Cancer patient Jane Tomlinson pedaled her bicycle into Battery Park in lower Manhattan on Friday morning, completing an arduous 6,760km fund-raising ride across the US almost exactly six years after she was given six months to live.
"I thought it was going to be a bit of an adventure, but it turned out to be a bit of an ordeal," said Tomlinson, 42, at the end of a trip from San Francisco that included temperatures of 38?C, dog attacks and a run-in with the police.
"It was very difficult, but it's just good to be here." she said.
PHOTO: AFP
The 63-day ride, which began at the Golden Gate bridge, was almost abandoned two days ago when Tomlinson's condition worsened. Instead, she made it over the Brooklyn Bridge into New York, adding the transcontinental journey to a list of records that includes being the first cancer patient to complete a full official triathlon and the first person to run a marathon while on chemotherapy.
The US trip has been widely reported as the greatest feat of endurance undertaken by someone with terminal cancer. Tomlinson, a former hospital radiographer who has been diagnosed with advanced metastatic breast cancer, is attempting to raise US$2.4 million for British and American charities working with cancer patients and children.

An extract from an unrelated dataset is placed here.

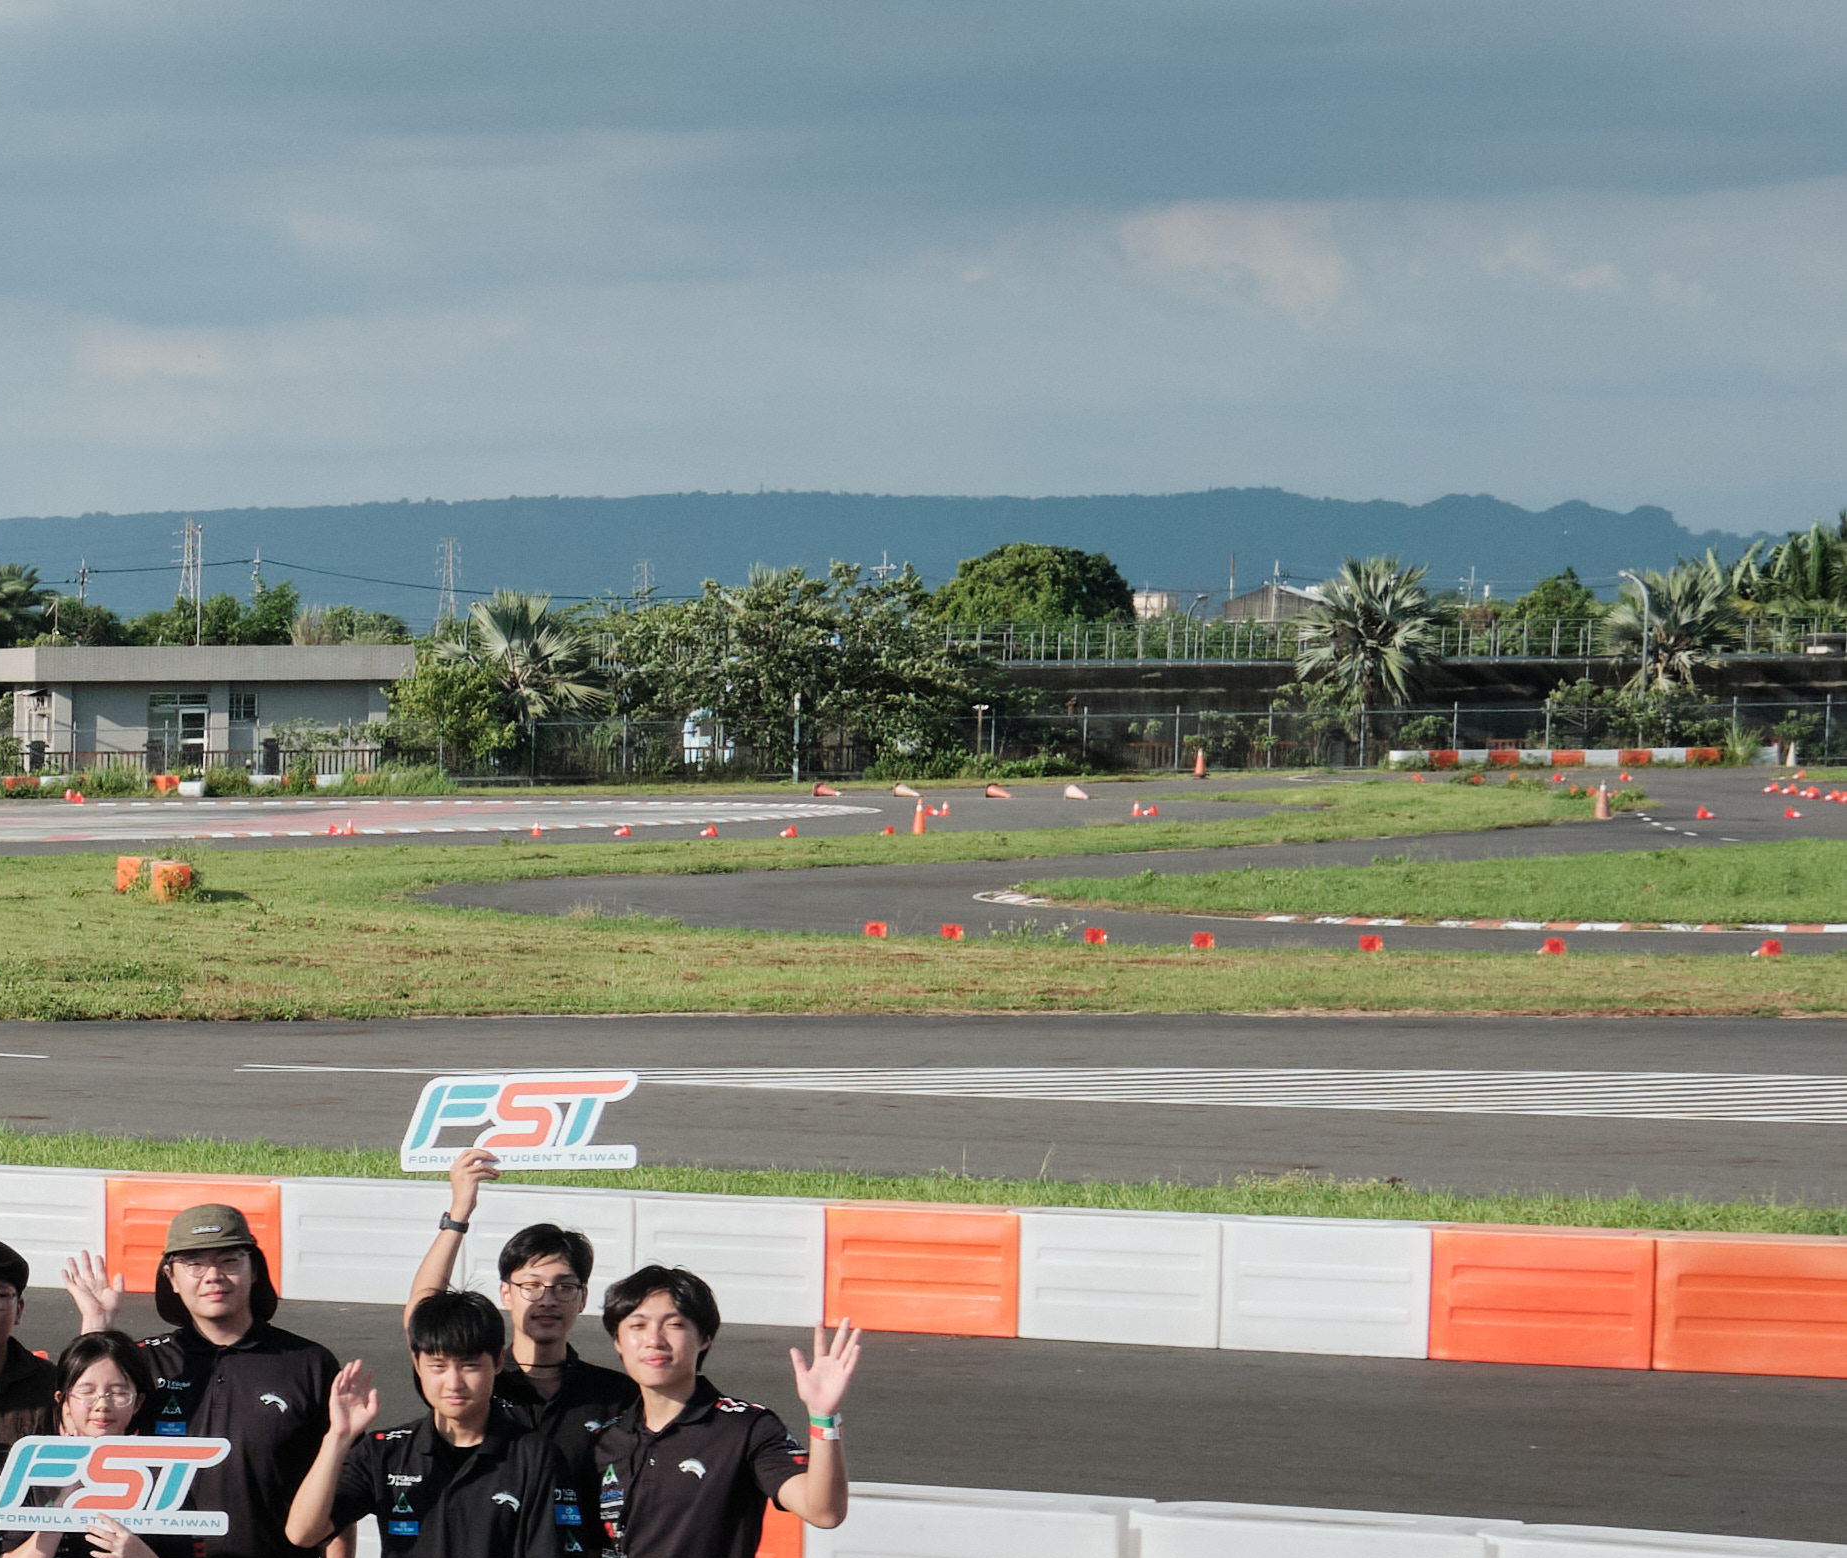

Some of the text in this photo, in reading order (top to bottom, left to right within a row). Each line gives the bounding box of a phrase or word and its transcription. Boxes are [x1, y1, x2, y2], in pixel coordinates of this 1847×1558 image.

Stopping at the White House earlier this week, she received a handwritten letter from British Prime Minister Tony Blair praising her fundraising efforts.
In his blog on the BBC Web site, Tomlinson's husband Mike described how his wife and her two fellow riders were repeatedly sprayed with road chippings as they rode through Colorado, followed for 90 minutes by a "belligerent" police officer and had a pickup truck driver throw Coca-Cola bottles at them.